# [What is being asked]
Retype each record shown below, leaving every character as it is.

# [Data supplied]

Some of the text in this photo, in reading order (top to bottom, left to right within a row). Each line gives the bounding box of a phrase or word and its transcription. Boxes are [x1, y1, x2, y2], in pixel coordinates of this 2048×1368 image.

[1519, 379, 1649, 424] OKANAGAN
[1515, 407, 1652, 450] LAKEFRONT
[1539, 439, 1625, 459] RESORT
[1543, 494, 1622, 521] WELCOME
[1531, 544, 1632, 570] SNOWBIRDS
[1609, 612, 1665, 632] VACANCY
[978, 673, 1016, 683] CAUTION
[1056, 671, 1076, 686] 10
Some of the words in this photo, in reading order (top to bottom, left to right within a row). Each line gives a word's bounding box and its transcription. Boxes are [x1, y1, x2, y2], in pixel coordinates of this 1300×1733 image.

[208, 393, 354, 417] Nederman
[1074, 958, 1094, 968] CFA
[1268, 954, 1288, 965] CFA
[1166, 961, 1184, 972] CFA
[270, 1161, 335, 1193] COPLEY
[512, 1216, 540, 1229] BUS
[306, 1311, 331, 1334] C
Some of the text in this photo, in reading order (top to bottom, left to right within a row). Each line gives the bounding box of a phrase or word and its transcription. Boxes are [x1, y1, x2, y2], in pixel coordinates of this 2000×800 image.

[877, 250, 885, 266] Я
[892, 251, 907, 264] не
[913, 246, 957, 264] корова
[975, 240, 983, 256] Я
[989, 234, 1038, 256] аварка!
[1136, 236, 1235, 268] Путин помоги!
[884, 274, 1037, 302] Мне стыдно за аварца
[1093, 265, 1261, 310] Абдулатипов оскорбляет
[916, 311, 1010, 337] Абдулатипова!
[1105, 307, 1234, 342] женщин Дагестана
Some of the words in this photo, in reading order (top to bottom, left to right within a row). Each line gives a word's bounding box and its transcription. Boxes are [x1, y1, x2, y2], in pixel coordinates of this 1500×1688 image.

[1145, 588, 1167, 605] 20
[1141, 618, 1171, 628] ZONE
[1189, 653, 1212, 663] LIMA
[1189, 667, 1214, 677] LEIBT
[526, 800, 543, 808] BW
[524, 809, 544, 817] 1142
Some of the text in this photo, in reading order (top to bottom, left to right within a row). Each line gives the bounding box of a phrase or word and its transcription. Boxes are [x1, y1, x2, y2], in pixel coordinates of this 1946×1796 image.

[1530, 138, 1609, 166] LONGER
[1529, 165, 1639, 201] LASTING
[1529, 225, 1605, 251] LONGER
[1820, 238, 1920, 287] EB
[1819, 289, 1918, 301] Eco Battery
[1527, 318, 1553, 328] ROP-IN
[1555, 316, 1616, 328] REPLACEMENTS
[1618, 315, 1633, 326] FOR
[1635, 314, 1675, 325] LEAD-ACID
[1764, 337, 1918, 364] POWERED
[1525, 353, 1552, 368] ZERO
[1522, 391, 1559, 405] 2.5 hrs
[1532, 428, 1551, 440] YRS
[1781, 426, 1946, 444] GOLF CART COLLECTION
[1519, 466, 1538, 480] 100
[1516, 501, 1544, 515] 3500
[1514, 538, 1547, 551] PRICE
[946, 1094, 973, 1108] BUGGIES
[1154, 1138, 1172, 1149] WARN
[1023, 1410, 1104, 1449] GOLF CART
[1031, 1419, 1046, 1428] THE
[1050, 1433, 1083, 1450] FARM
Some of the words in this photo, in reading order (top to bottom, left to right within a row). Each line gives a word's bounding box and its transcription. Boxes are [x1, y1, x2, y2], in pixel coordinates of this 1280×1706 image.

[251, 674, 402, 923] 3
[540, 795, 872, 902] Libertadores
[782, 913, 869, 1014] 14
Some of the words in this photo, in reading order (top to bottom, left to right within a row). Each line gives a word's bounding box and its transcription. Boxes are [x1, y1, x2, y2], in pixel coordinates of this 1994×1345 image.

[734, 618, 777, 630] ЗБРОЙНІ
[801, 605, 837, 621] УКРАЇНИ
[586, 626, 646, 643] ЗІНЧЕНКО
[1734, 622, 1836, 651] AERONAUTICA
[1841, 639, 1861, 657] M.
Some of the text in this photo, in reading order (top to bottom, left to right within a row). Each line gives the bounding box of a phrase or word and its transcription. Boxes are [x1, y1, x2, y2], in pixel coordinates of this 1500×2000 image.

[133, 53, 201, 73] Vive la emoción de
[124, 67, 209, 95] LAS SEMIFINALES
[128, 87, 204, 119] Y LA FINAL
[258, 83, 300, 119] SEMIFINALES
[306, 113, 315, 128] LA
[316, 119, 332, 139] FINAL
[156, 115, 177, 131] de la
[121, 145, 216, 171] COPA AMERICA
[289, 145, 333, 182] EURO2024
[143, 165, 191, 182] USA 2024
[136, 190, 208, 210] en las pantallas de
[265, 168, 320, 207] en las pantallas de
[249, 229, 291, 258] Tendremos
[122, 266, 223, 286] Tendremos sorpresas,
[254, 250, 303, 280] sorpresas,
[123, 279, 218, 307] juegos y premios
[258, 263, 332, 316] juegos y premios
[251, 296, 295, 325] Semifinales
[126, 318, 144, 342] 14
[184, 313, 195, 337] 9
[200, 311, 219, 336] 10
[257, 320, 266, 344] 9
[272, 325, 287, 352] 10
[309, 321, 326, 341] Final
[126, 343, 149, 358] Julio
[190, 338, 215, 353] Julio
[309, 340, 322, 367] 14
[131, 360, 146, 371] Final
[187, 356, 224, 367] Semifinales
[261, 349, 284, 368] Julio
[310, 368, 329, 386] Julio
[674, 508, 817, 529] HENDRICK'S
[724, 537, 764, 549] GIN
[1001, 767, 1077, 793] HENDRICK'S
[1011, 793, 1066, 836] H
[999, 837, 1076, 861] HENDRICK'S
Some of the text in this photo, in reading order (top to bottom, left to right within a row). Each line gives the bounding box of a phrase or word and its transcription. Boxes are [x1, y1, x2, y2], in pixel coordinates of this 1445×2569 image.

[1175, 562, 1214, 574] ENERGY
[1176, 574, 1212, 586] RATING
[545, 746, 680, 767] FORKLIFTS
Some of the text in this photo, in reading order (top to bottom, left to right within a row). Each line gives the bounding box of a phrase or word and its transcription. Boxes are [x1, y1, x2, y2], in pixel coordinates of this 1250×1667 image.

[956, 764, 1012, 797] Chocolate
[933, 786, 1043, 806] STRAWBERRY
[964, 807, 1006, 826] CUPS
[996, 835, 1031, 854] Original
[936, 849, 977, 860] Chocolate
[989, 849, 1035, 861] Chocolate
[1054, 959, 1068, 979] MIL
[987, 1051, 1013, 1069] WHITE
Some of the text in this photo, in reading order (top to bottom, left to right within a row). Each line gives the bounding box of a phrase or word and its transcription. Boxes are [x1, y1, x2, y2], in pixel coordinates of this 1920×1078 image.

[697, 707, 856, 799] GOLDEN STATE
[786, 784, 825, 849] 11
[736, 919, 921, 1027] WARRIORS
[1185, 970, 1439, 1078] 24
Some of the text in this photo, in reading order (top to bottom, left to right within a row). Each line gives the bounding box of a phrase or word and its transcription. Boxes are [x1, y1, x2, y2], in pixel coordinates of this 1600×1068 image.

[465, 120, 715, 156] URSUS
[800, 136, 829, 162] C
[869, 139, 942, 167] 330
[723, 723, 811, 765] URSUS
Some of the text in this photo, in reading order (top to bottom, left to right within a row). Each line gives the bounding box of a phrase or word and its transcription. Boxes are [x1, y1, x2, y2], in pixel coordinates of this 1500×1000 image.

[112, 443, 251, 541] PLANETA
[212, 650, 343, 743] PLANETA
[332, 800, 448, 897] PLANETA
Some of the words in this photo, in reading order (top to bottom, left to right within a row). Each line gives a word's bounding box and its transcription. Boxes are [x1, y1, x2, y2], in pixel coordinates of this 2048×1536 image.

# [Result for this exercise]
Some of the text in this photo, in reading order (top to bottom, left to right within a row). Each line gives the bounding box of a phrase or word and its transcription. Boxes are [x1, y1, x2, y2], in pixel coordinates of this 2048×1368 image.

[1519, 379, 1649, 424] OKANAGAN
[1515, 407, 1652, 450] LAKEFRONT
[1539, 439, 1625, 459] RESORT
[1543, 494, 1622, 521] WELCOME
[1531, 544, 1632, 570] SNOWBIRDS
[1609, 612, 1665, 632] VACANCY
[978, 673, 1016, 683] CAUTION
[1056, 671, 1076, 686] 10
Some of the words in this photo, in reading order (top to bottom, left to right within a row). Each line gives a word's bounding box and its transcription. Boxes are [x1, y1, x2, y2], in pixel coordinates of this 1300×1733 image.

[208, 393, 354, 417] Nederman
[1074, 958, 1094, 968] CFA
[1268, 954, 1288, 965] CFA
[1166, 961, 1184, 972] CFA
[270, 1161, 335, 1193] COPLEY
[512, 1216, 540, 1229] BUS
[306, 1311, 331, 1334] C
Some of the text in this photo, in reading order (top to bottom, left to right within a row). Each line gives the bounding box of a phrase or word and its transcription. Boxes are [x1, y1, x2, y2], in pixel coordinates of this 2000×800 image.

[877, 250, 885, 266] Я
[892, 251, 907, 264] не
[913, 246, 957, 264] корова
[975, 240, 983, 256] Я
[989, 234, 1038, 256] аварка!
[1136, 236, 1235, 268] Путин помоги!
[884, 274, 1037, 302] Мне стыдно за аварца
[1093, 265, 1261, 310] Абдулатипов оскорбляет
[916, 311, 1010, 337] Абдулатипова!
[1105, 307, 1234, 342] женщин Дагестана
Some of the words in this photo, in reading order (top to bottom, left to right within a row). Each line gives a word's bounding box and its transcription. Boxes are [x1, y1, x2, y2], in pixel coordinates of this 1500×1688 image.

[1145, 588, 1167, 605] 20
[1141, 618, 1171, 628] ZONE
[1189, 653, 1212, 663] LIMA
[1189, 667, 1214, 677] LEIBT
[526, 800, 543, 808] BW
[524, 809, 544, 817] 1142
Some of the text in this photo, in reading order (top to bottom, left to right within a row). Each line gives the bounding box of a phrase or word and its transcription. Boxes are [x1, y1, x2, y2], in pixel coordinates of this 1946×1796 image.

[1530, 138, 1609, 166] LONGER
[1529, 165, 1639, 201] LASTING
[1529, 225, 1605, 251] LONGER
[1820, 238, 1920, 287] EB
[1819, 289, 1918, 301] Eco Battery
[1527, 318, 1553, 328] ROP-IN
[1555, 316, 1616, 328] REPLACEMENTS
[1618, 315, 1633, 326] FOR
[1635, 314, 1675, 325] LEAD-ACID
[1764, 337, 1918, 364] POWERED
[1525, 353, 1552, 368] ZERO
[1522, 391, 1559, 405] 2.5 hrs
[1532, 428, 1551, 440] YRS
[1781, 426, 1946, 444] GOLF CART COLLECTION
[1519, 466, 1538, 480] 100
[1516, 501, 1544, 515] 3500
[1514, 538, 1547, 551] PRICE
[946, 1094, 973, 1108] BUGGIES
[1154, 1138, 1172, 1149] WARN
[1023, 1410, 1104, 1449] GOLF CART
[1031, 1419, 1046, 1428] THE
[1050, 1433, 1083, 1450] FARM
Some of the words in this photo, in reading order (top to bottom, left to right within a row). Each line gives a word's bounding box and its transcription. Boxes are [x1, y1, x2, y2], in pixel coordinates of this 1280×1706 image.

[251, 674, 402, 923] 3
[540, 795, 872, 902] Libertadores
[782, 913, 869, 1014] 14
Some of the words in this photo, in reading order (top to bottom, left to right within a row). Each line gives a word's bounding box and its transcription. Boxes are [x1, y1, x2, y2], in pixel coordinates of this 1994×1345 image.

[734, 618, 777, 630] ЗБРОЙНІ
[801, 605, 837, 621] УКРАЇНИ
[586, 626, 646, 643] ЗІНЧЕНКО
[1734, 622, 1836, 651] AERONAUTICA
[1841, 639, 1861, 657] M.
Some of the text in this photo, in reading order (top to bottom, left to right within a row). Each line gives the bounding box of a phrase or word and its transcription. Boxes are [x1, y1, x2, y2], in pixel coordinates of this 1500×2000 image.

[133, 53, 201, 73] Vive la emoción de
[124, 67, 209, 95] LAS SEMIFINALES
[128, 87, 204, 119] Y LA FINAL
[258, 83, 300, 119] SEMIFINALES
[306, 113, 315, 128] LA
[316, 119, 332, 139] FINAL
[156, 115, 177, 131] de la
[121, 145, 216, 171] COPA AMERICA
[289, 145, 333, 182] EURO2024
[143, 165, 191, 182] USA 2024
[136, 190, 208, 210] en las pantallas de
[265, 168, 320, 207] en las pantallas de
[249, 229, 291, 258] Tendremos
[122, 266, 223, 286] Tendremos sorpresas,
[254, 250, 303, 280] sorpresas,
[123, 279, 218, 307] juegos y premios
[258, 263, 332, 316] juegos y premios
[251, 296, 295, 325] Semifinales
[126, 318, 144, 342] 14
[184, 313, 195, 337] 9
[200, 311, 219, 336] 10
[257, 320, 266, 344] 9
[272, 325, 287, 352] 10
[309, 321, 326, 341] Final
[126, 343, 149, 358] Julio
[190, 338, 215, 353] Julio
[309, 340, 322, 367] 14
[131, 360, 146, 371] Final
[187, 356, 224, 367] Semifinales
[261, 349, 284, 368] Julio
[310, 368, 329, 386] Julio
[674, 508, 817, 529] HENDRICK'S
[724, 537, 764, 549] GIN
[1001, 767, 1077, 793] HENDRICK'S
[1011, 793, 1066, 836] H
[999, 837, 1076, 861] HENDRICK'S
Some of the text in this photo, in reading order (top to bottom, left to right within a row). Each line gives the bounding box of a phrase or word and its transcription. Boxes are [x1, y1, x2, y2], in pixel coordinates of this 1445×2569 image.

[1175, 562, 1214, 574] ENERGY
[1176, 574, 1212, 586] RATING
[545, 746, 680, 767] FORKLIFTS
Some of the text in this photo, in reading order (top to bottom, left to right within a row). Each line gives the bounding box of a phrase or word and its transcription. Boxes are [x1, y1, x2, y2], in pixel coordinates of this 1250×1667 image.

[956, 764, 1012, 797] Chocolate
[933, 786, 1043, 806] STRAWBERRY
[964, 807, 1006, 826] CUPS
[996, 835, 1031, 854] Original
[936, 849, 977, 860] Chocolate
[989, 849, 1035, 861] Chocolate
[1054, 959, 1068, 979] MIL
[987, 1051, 1013, 1069] WHITE
Some of the text in this photo, in reading order (top to bottom, left to right within a row). Each line gives the bounding box of a phrase or word and its transcription. Boxes are [x1, y1, x2, y2], in pixel coordinates of this 1920×1078 image.

[697, 707, 856, 799] GOLDEN STATE
[786, 784, 825, 849] 11
[736, 919, 921, 1027] WARRIORS
[1185, 970, 1439, 1078] 24
Some of the text in this photo, in reading order (top to bottom, left to right within a row). Each line gives the bounding box of a phrase or word and its transcription. Boxes are [x1, y1, x2, y2], in pixel coordinates of this 1600×1068 image.

[465, 120, 715, 156] URSUS
[800, 136, 829, 162] C
[869, 139, 942, 167] 330
[723, 723, 811, 765] URSUS
Some of the text in this photo, in reading order (top to bottom, left to right within a row). Each line gives the bounding box of a phrase or word and its transcription. Boxes are [x1, y1, x2, y2], in pixel coordinates of this 1500×1000 image.

[112, 443, 251, 541] PLANETA
[212, 650, 343, 743] PLANETA
[332, 800, 448, 897] PLANETA
Some of the words in this photo, in reading order (top to bottom, left to right within a row). Each line gives a word's bounding box and its transcription. Boxes are [x1, y1, x2, y2], in pixel coordinates of this 2048×1536 image.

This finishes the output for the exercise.